Clinical decision support (CDS) tools are an emerging technique aimed at improving patient safety and promoting value-based imaging [117]. To our knowledge, the influence of a CDC on the appropriateness of radiologists has not been investigated as it was designed for referring providers [117]. According to a large randomized trial, CDS significantly reduced targeted imaging orders by 6%, but did not result in a significant change in the number of high- or low-cost scans. The authors of this study assume that CDS may lead to a modest improvement in the appropriateness of high-cost imaging [118].

Our review also has some limitations. Firstly, as with most scoping reviews, our analysis focused on the big picture with a high degree of aggregation and as a result, we may have missed specific details related to examinations that were rated as "maybe appropriate". Secondly, certain factors that could be associated with appropriateness, such as the quality of referrals, the nature of the disease (acute or chronic), and the type of disease or symptoms were not analyzed.

This review revealed heterogeneities in current evidence concerning study design, statistical methods, reporting and the appropriateness rating itself. This results in challenges regarding the appraisal of study validity due to small sample sizes, conflicting results and lack of reporting. Therefore, the following needs for further research and clinical practice can be derived from this review:

  • An inevitable prerequisite for the measurement of appropriateness rates are evidence-based guidelines. Most studies used clinical data to assess the appropriateness of an imaging procedure. So far, clinical data entail difficulties as they are not standardised. As a consequence, clinical data sets are hard to compare within a single study and especially over several studies.
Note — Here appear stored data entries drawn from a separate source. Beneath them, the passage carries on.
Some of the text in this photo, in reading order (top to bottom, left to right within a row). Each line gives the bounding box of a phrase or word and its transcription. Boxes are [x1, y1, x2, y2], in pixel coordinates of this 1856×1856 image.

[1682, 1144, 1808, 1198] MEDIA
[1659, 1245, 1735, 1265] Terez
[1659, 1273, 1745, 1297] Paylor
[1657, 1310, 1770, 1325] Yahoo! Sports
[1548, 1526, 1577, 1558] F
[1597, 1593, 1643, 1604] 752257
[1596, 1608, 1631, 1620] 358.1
Structured data might be a way forward to gain comparability and transparency. Furthermore, structured data or at least automated data are the very basis for intelligent tools like clinical decision support, which is requested by radiological societies such as the ESR [7, 11].
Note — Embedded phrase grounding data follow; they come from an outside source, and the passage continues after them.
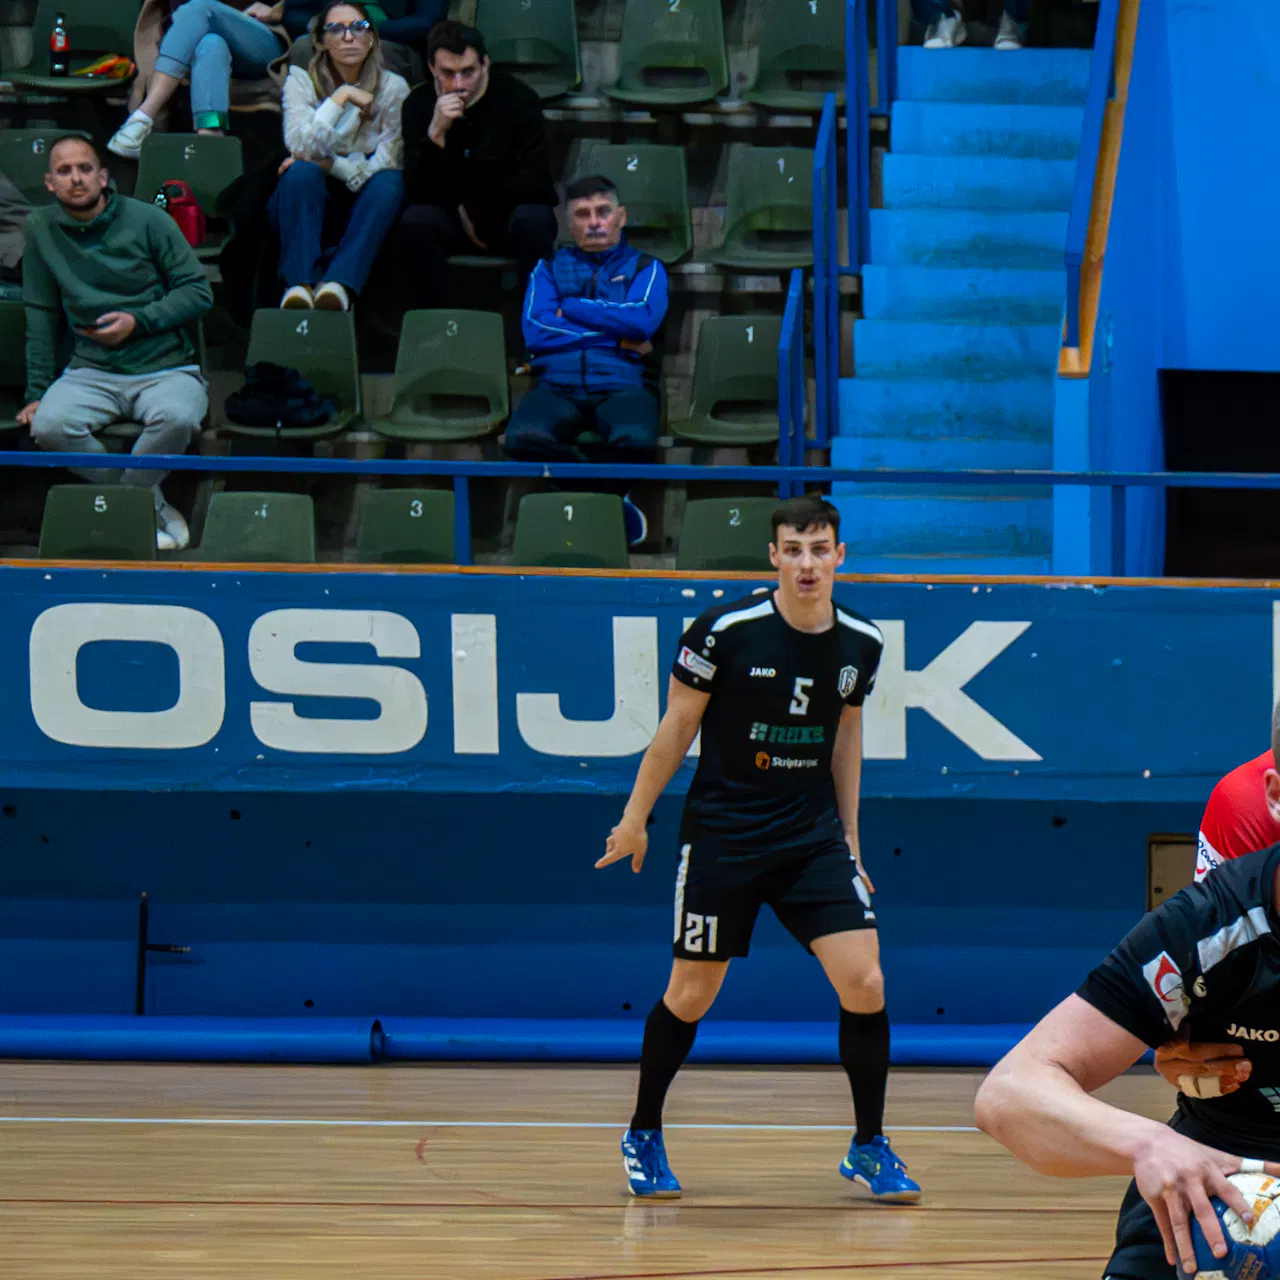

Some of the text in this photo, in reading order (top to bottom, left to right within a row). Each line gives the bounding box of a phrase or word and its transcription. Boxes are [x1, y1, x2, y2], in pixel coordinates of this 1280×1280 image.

[410, 500, 424, 518] 3
[728, 508, 743, 526] 2
[750, 666, 777, 678] JAKO
[28, 602, 1044, 763] OSIJK
[789, 676, 815, 716] 5
[683, 911, 718, 954] 21
[1226, 1023, 1280, 1043] JAKO
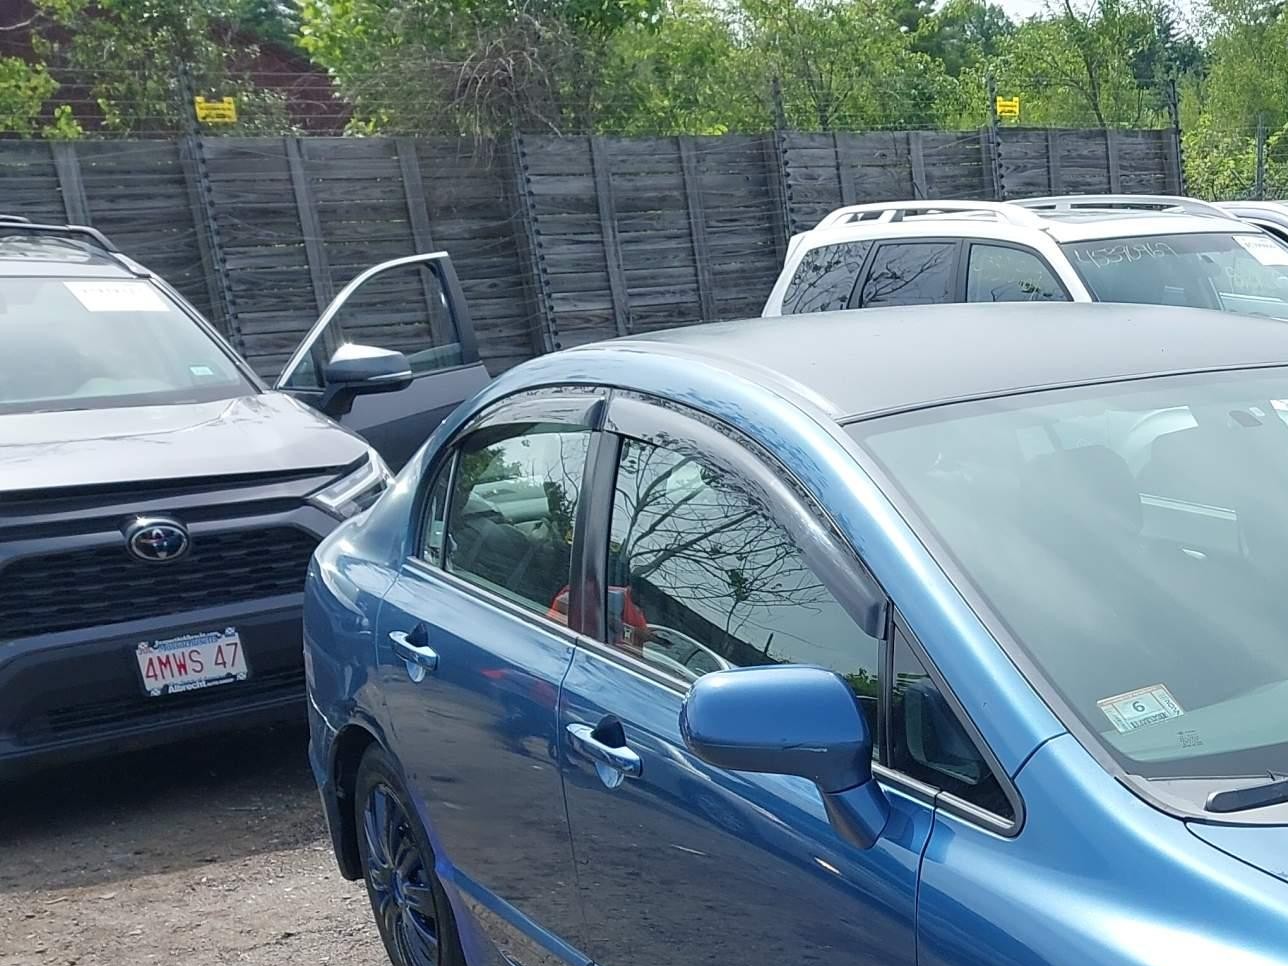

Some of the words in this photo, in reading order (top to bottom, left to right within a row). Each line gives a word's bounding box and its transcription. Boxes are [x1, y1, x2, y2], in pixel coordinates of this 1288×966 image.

[145, 649, 204, 681] 4MWS
[214, 641, 239, 669] 47
[1132, 700, 1146, 713] 6
  • A clear methodological pathway is needed for the measurement of appropriateness rates to obtain more valid data. In this review a high percentage of individual expert opinions were used to define appropriateness. International comparisons of appropriateness rates are impaired by the usage of different national guidelines.

  • Thresholds should be defined while creating certain guidelines to establish awareness for both, the referrer and the radiologist. This could be applied to guidelines for very common indications. To discover applicable numbers, single and specific indications need to be subject of further studies. The design of these studies should include a large number of patients and elaborate specific key performance indicators for different modalities.
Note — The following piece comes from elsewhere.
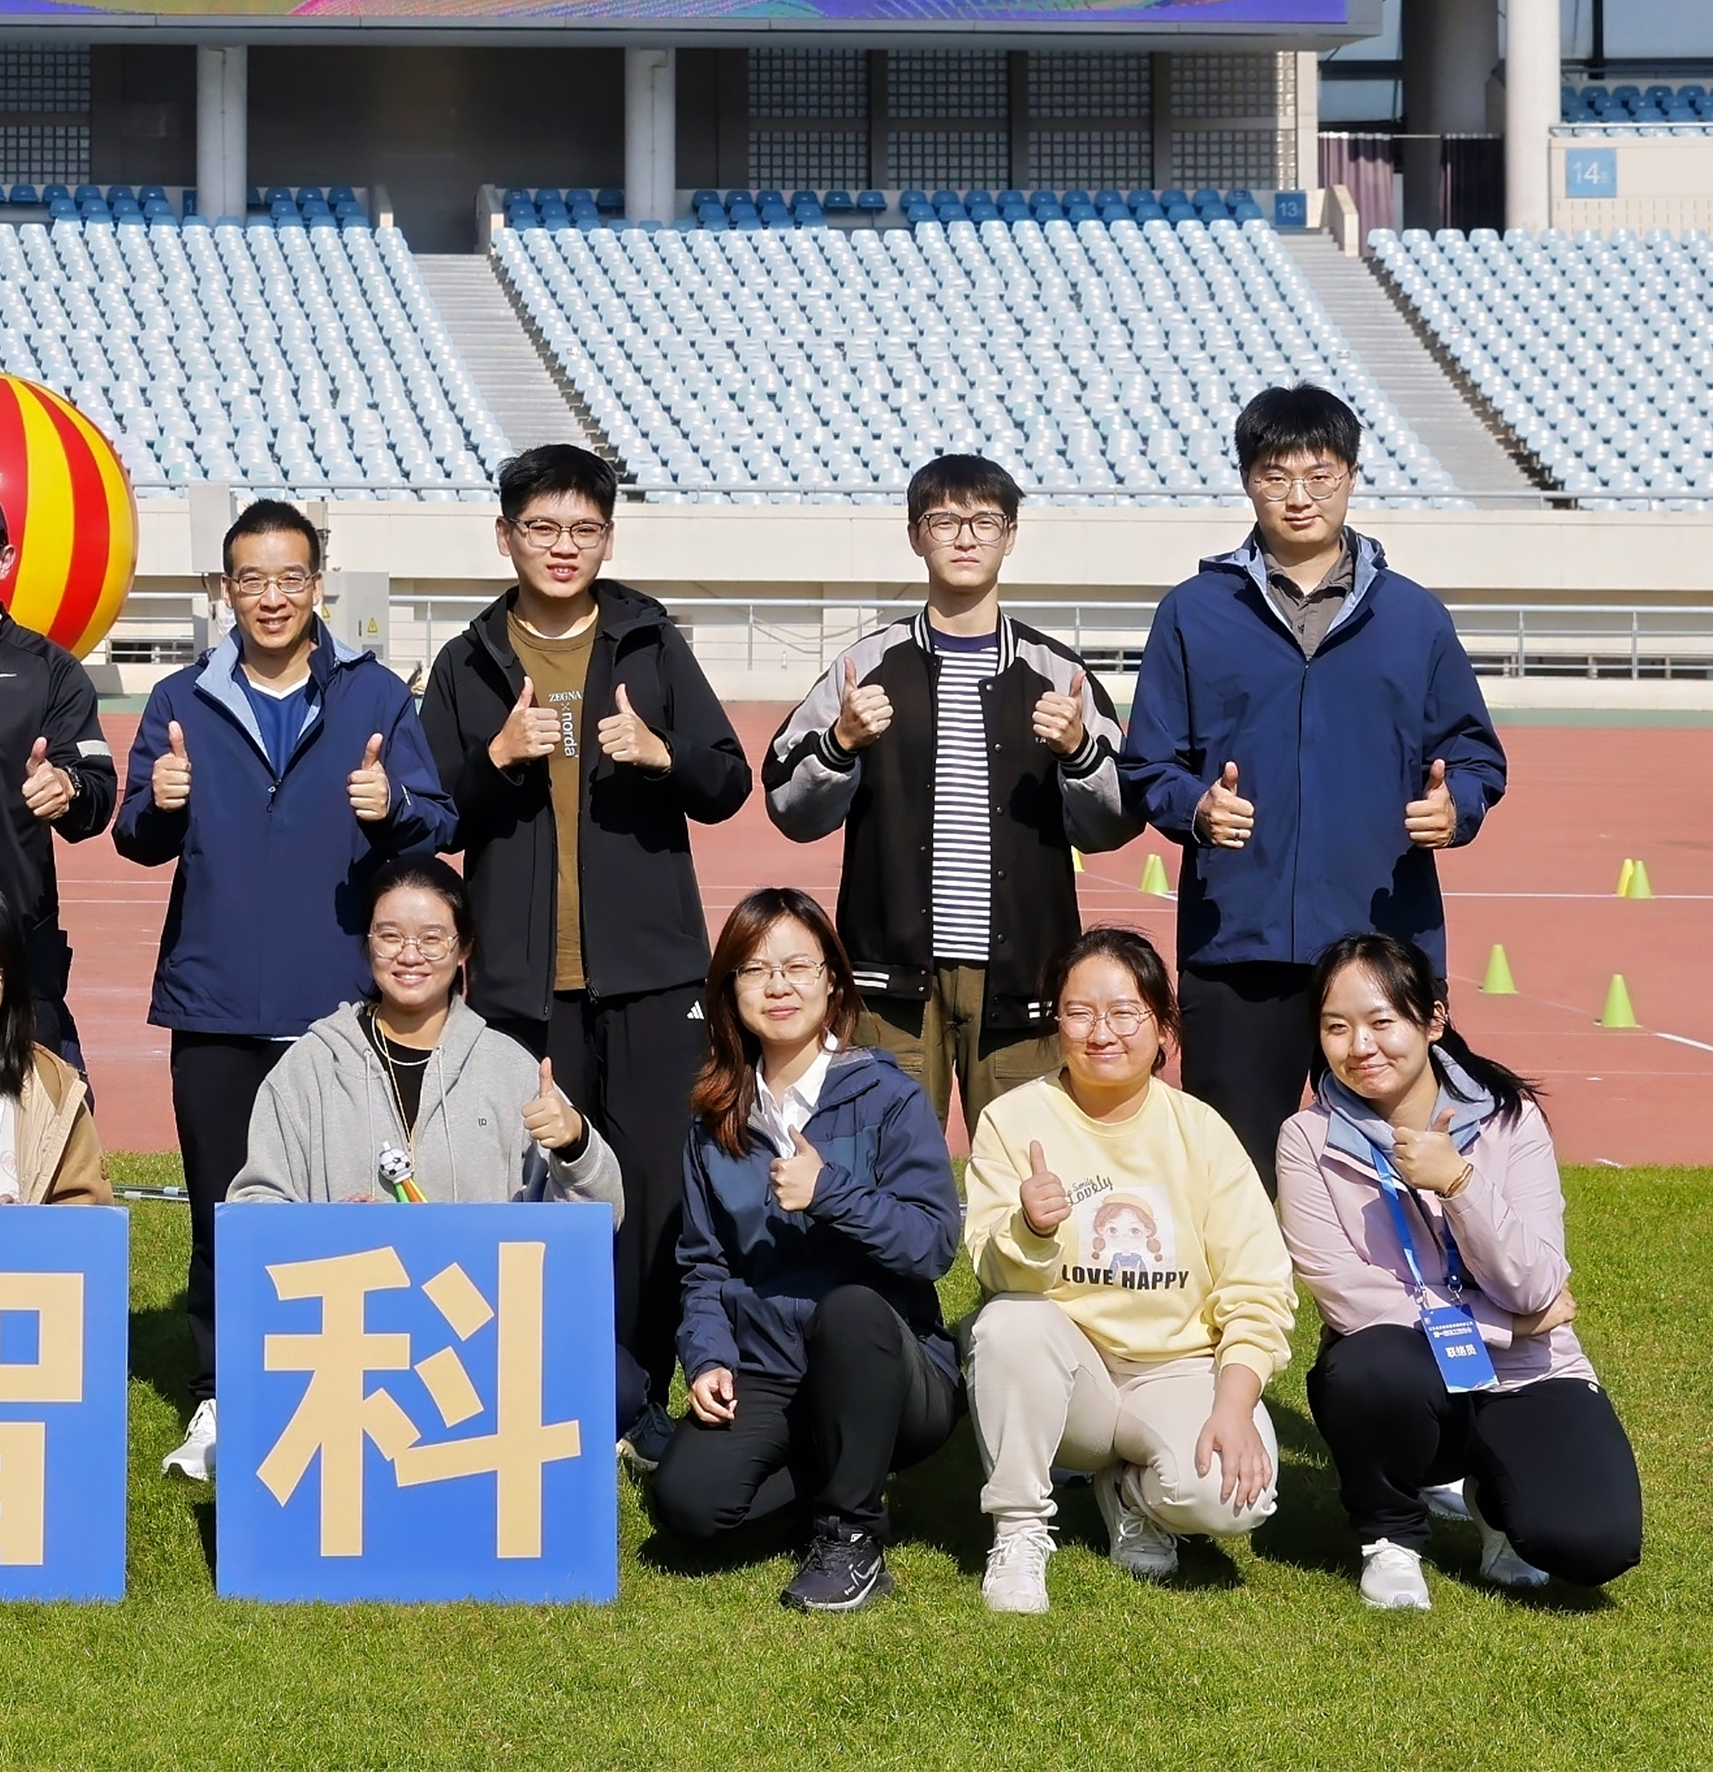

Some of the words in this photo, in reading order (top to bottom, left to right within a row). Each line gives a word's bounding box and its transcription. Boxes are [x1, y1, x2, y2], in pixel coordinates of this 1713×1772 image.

Based on this standardization, national audits as well as benchmarking of appropriateness in diagnostic imaging might be feasible. In summary, the following methodological standards should be met in future research or audits about imaging appropriateness to achieve a high level of evidence:

  1. (1)

    Implementation of multicentric studies, preferably with randomized controlled or interventional design;

  2. (2)

    Focus on clinical picture, not body regions, to create an inference to specific guidelines;

  3. (3)

    Consideration of the presence and quality of referrals for diagnostic imaging, as well as the existence of preliminary examinations;

  4. (4)

    Double independent readings of appropriateness;

  5. (5)

    High transparency regarding the rating results;

  6. (6)

    Analytical statistics with clearly defined influencing factors.

Conclusion

In conclusion, many of the reported appropriateness rates might not be representative and cannot be taken as key performance indicators. More reliable and elaborate appropriateness rates with a valid methodical basis are needed. Especially the lack of knowledge about appropriateness rates in pediatric and outpatient imaging should be addressed. This review underlines the need of advanced research concerning appropriateness of clinical care in general and particularly of diagnostic imaging. Appropriateness and quality of indication in general reveal high importance for either medical care, clinical processes and quality.